─── Data provided
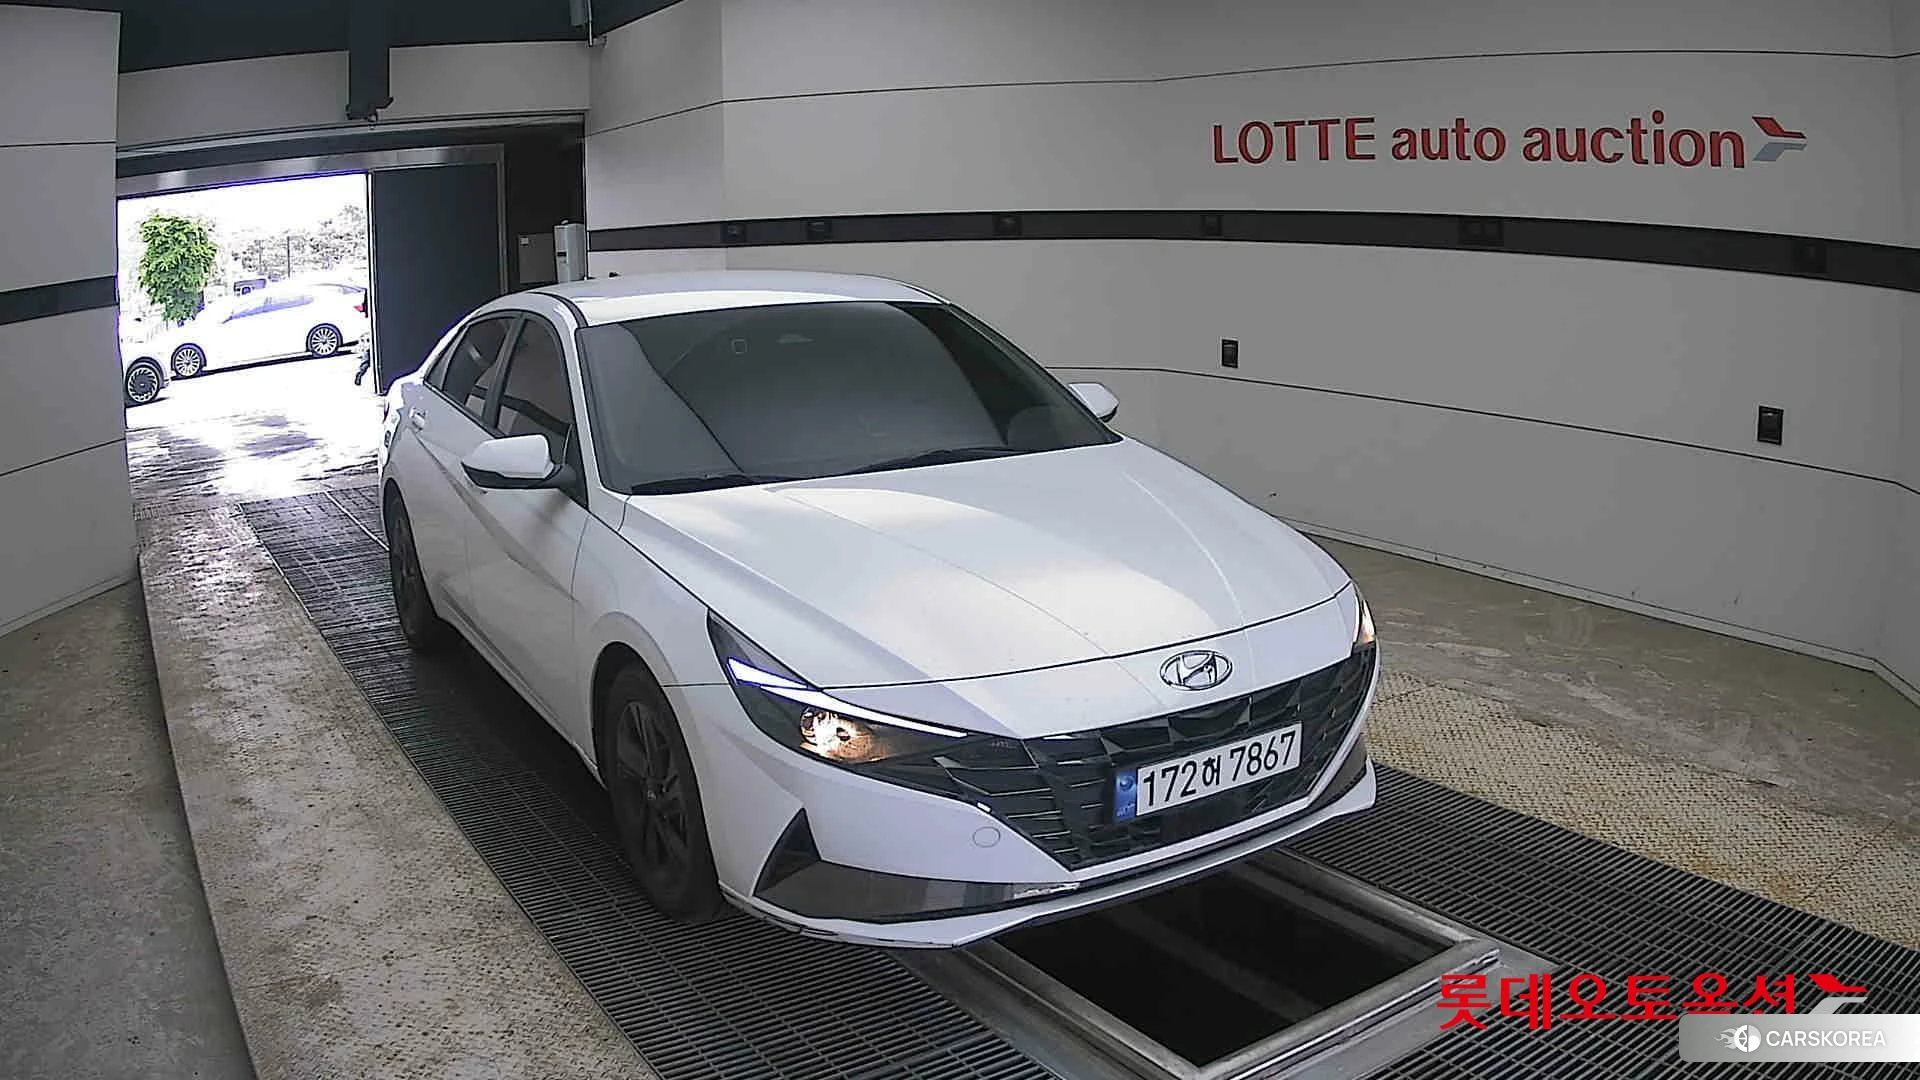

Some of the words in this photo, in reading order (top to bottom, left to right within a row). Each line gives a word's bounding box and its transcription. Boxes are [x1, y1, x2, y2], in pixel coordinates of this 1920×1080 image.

[1213, 117, 1376, 164] LOTTE
[1392, 118, 1507, 161] auto
[1523, 111, 1746, 168] auction
[1143, 755, 1221, 806] 172허
[1230, 731, 1296, 782] 7867
──────
### Exercise
The records above are to be repeated exactly, apart from their pictures.

### Answer area
Some of the words in this photo, in reading order (top to bottom, left to right within a row). Each line gives a word's bounding box and its transcription. Boxes are [x1, y1, x2, y2], in pixel coordinates of this 1920×1080 image.

[1213, 117, 1376, 164] LOTTE
[1392, 118, 1507, 161] auto
[1523, 111, 1746, 168] auction
[1143, 755, 1221, 806] 172허
[1230, 731, 1296, 782] 7867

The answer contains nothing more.